Pictures don't belong in the copy; print all the records exactly.

Referring expression grounding data
============================================================

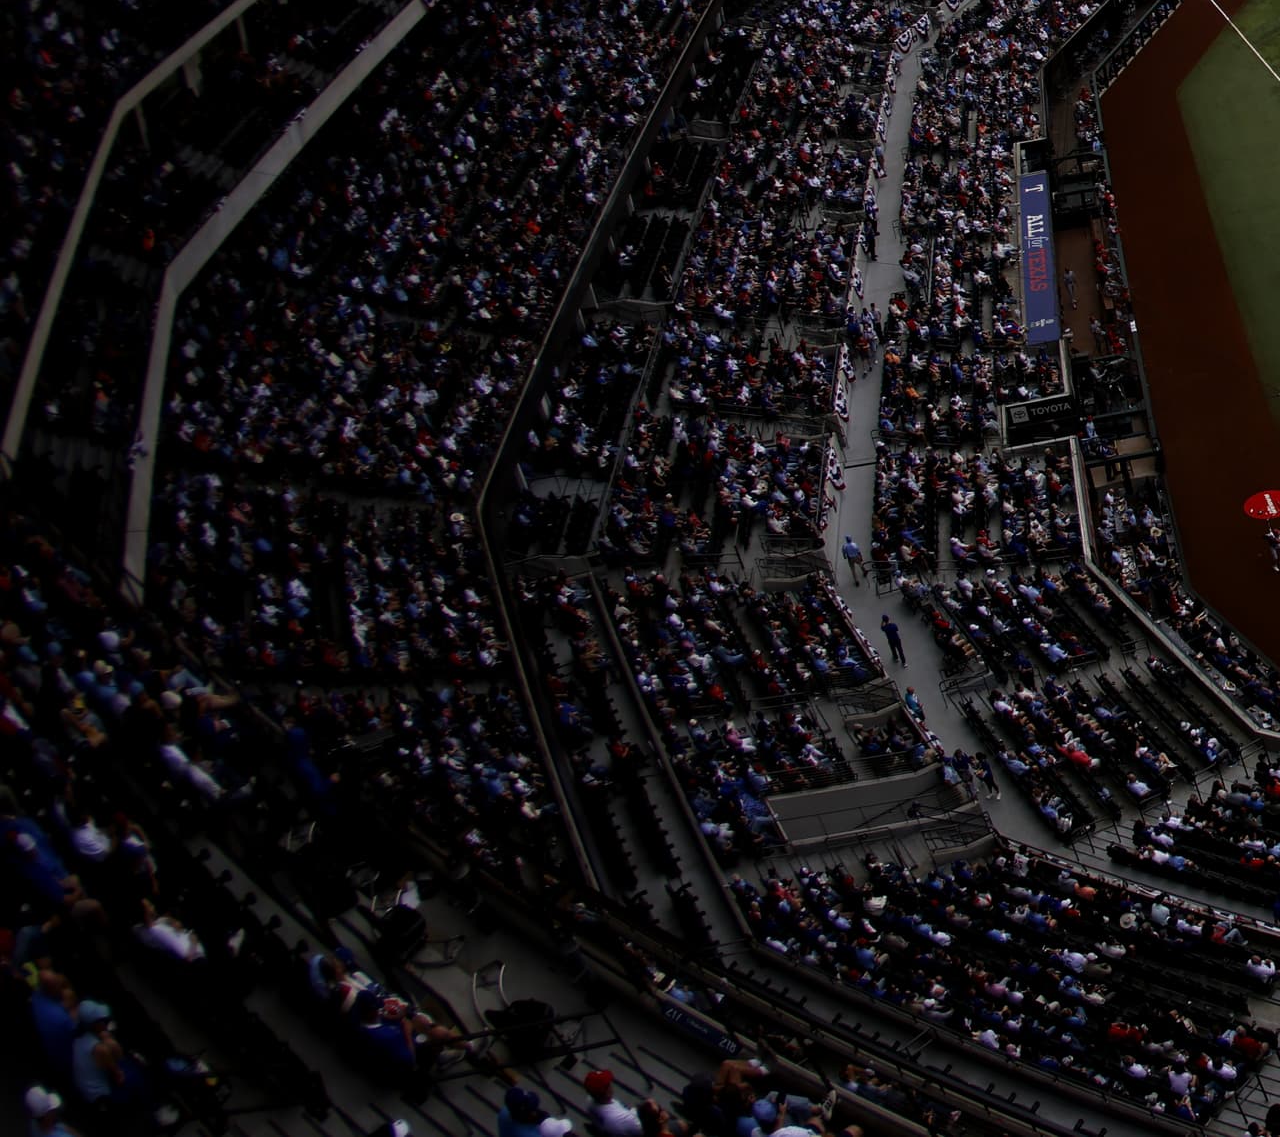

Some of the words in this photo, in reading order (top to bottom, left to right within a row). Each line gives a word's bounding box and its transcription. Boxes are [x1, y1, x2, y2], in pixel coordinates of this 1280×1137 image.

[1027, 214, 1044, 238] ALL
[1027, 236, 1049, 249] for
[1028, 246, 1049, 293] TEXAS
[1031, 402, 1071, 416] TOYOTA

============================================================

| Reply |
Some of the words in this photo, in reading order (top to bottom, left to right within a row). Each line gives a word's bounding box and its transcription. Boxes are [x1, y1, x2, y2], in pixel coordinates of this 1280×1137 image.

[1027, 214, 1044, 238] ALL
[1027, 236, 1049, 249] for
[1028, 246, 1049, 293] TEXAS
[1031, 402, 1071, 416] TOYOTA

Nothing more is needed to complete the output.